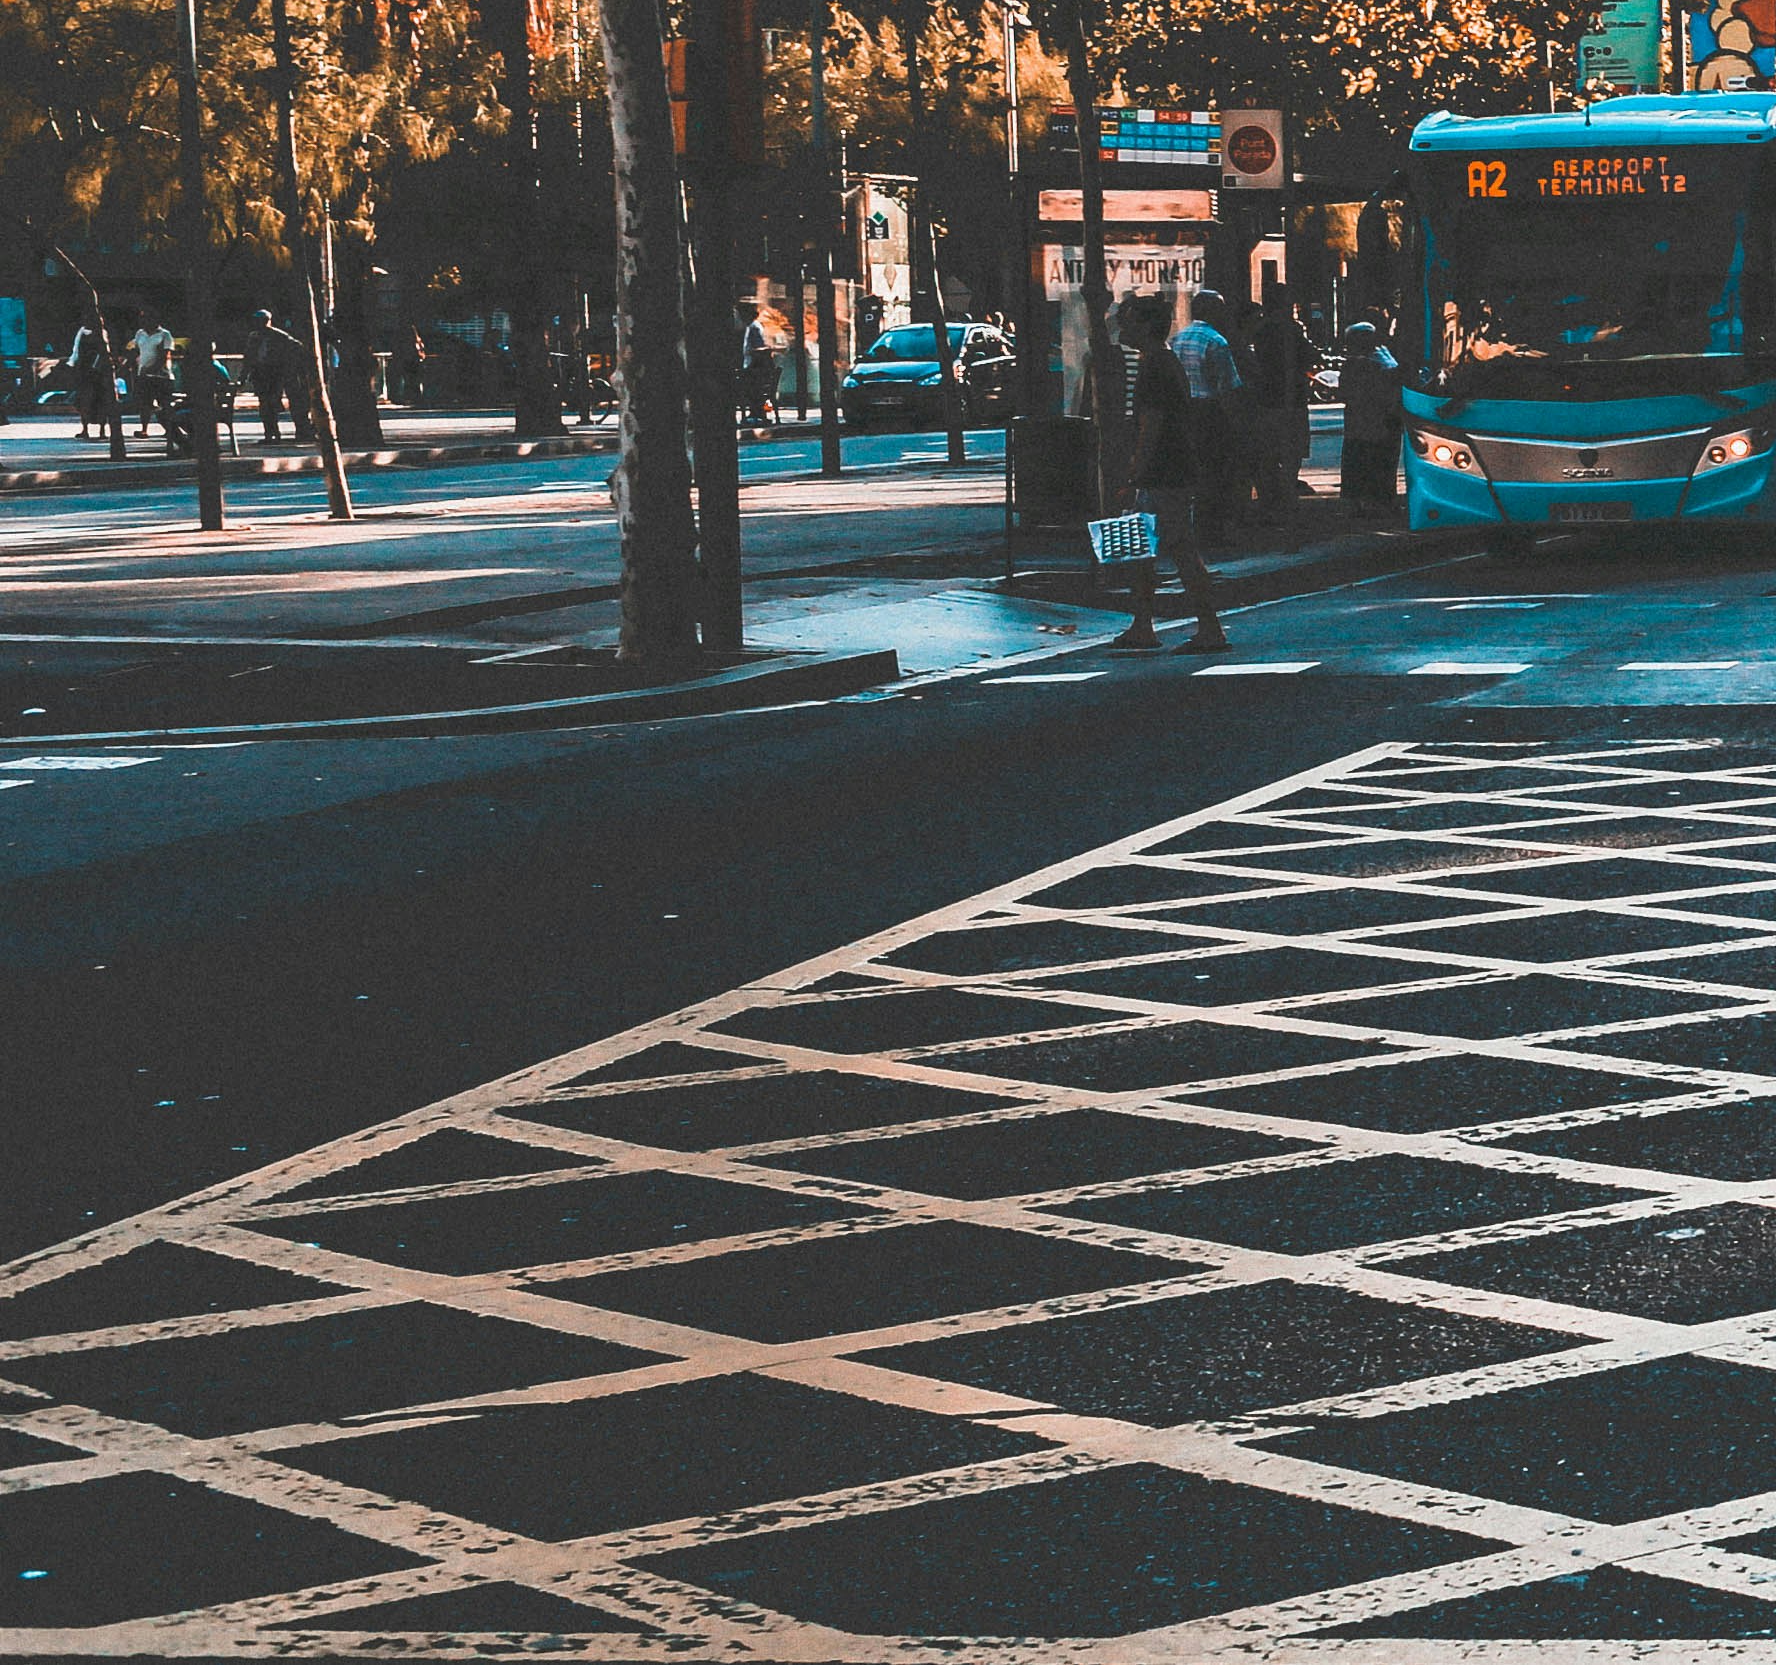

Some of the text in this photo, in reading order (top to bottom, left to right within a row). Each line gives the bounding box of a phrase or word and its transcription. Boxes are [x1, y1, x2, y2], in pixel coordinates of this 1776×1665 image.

[1467, 160, 1508, 198] A2
[1552, 156, 1669, 178] AEROPORT
[1537, 174, 1687, 197] TERMINAL T2
[1049, 258, 1204, 284] ANTY MORATO
═══
Exercise requirements:
All of the entries above should be copied exactly, with the images left out.

Result for this task:
Some of the text in this photo, in reading order (top to bottom, left to right within a row). Each line gives the bounding box of a phrase or word and its transcription. Boxes are [x1, y1, x2, y2], in pixel coordinates of this 1776×1665 image.

[1467, 160, 1508, 198] A2
[1552, 156, 1669, 178] AEROPORT
[1537, 174, 1687, 197] TERMINAL T2
[1049, 258, 1204, 284] ANTY MORATO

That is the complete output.